The news of a reviving economy continues to gain currency. By year’s end, a gross domestic product (GDP) of 6% or more is expected. While recognizing we are climbing out from a –3.5% GDP low in 2020, the economy seems ready to run. An infrastructure bill could further fuel appreciable growth into 2022 and beyond.
In analyzing an improving 2021, economic forecasters have been offering updates. Though the 2021 recovery will remain uneven in the construction industry, we are strikingly close to a pre-pandemic economic return.
In its “2021 Construction Outlook,” presented in Nov. 2020, Dodge Data and Analytics, Hamilton, N.J., forecast total construction activity at $771 billion. Dodge’s chief economist Richard Branch has conservatively raised that forecast by nearly $1 billion (0.8%) based on the economic lift provided by the $1.9 trillion American Rescue Plan Act of 2021 enacted in March. For its part, ConstructConnect, Cincinnati, forecasts 2021 total construction starts at nearly $740 billion.
In terms of GDP, Dodge anticipates 6% by year’s end.

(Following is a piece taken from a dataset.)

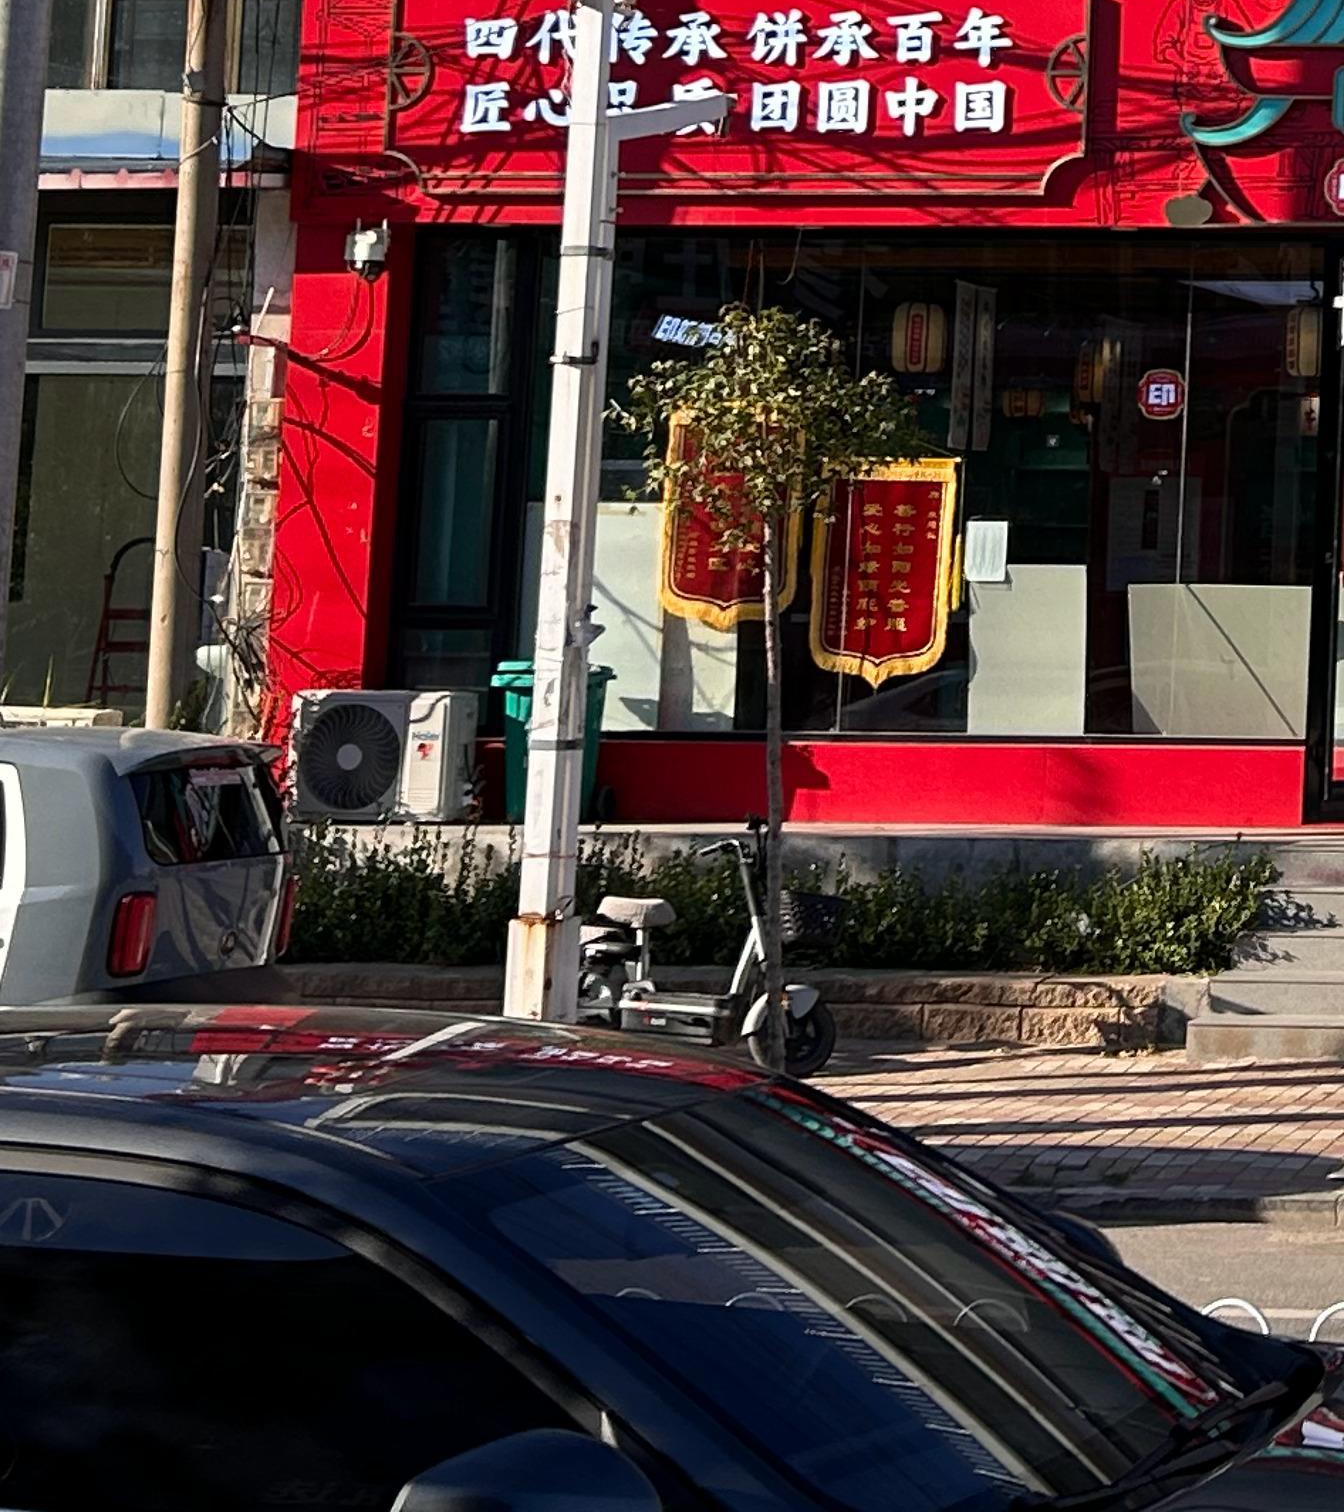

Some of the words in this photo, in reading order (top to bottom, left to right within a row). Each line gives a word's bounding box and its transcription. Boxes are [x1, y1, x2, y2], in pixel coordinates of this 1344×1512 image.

[464, 10, 728, 66] 四代传承
[746, 7, 1013, 68] 饼承百年
[751, 76, 1006, 136] 团圆中国
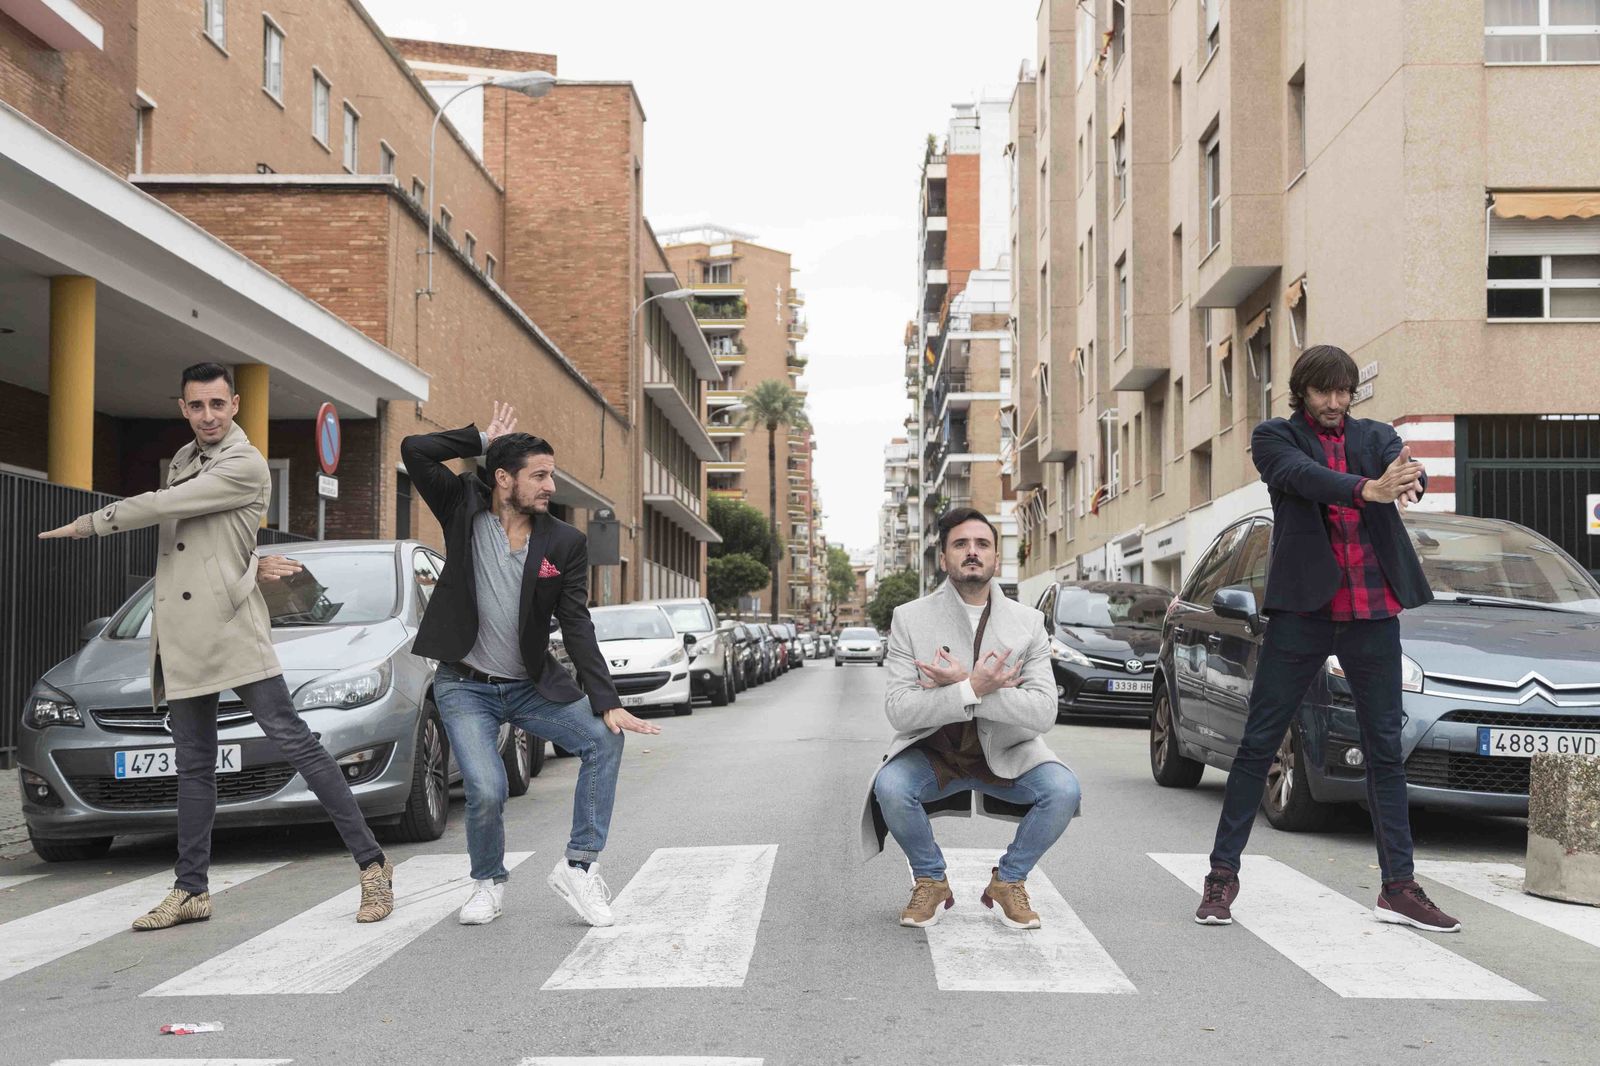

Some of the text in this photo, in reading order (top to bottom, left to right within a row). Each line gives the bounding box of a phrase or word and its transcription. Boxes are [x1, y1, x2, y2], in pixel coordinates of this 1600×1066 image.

ConstructConnect has estimated higher at 7.2%. Both forecasts expect growth to continue in 2022 as nonresidential building recovers. ConstructConnect has already estimated total construction gains of 12.2% ($829.8 billion) for next year.
“I don’t think our 2021 forecast change (4.8%) has materially affected our starts projections,” Branch said. “The initial forecast assumed the U.S. would be well on its way to vaccine deployment and herd immunity by midyear. In real dollar terms (adjusted for inflation), we have made real significant progress off the low of February 2020. In total construction, which includes residential, we have gained 21% off the low of fourth quarter 2020. We do remain 7% below 2019 year-over-year (y/y) but see pent-up spending in the second half of the year as the ‘horse leaves the barn’ and starts running.”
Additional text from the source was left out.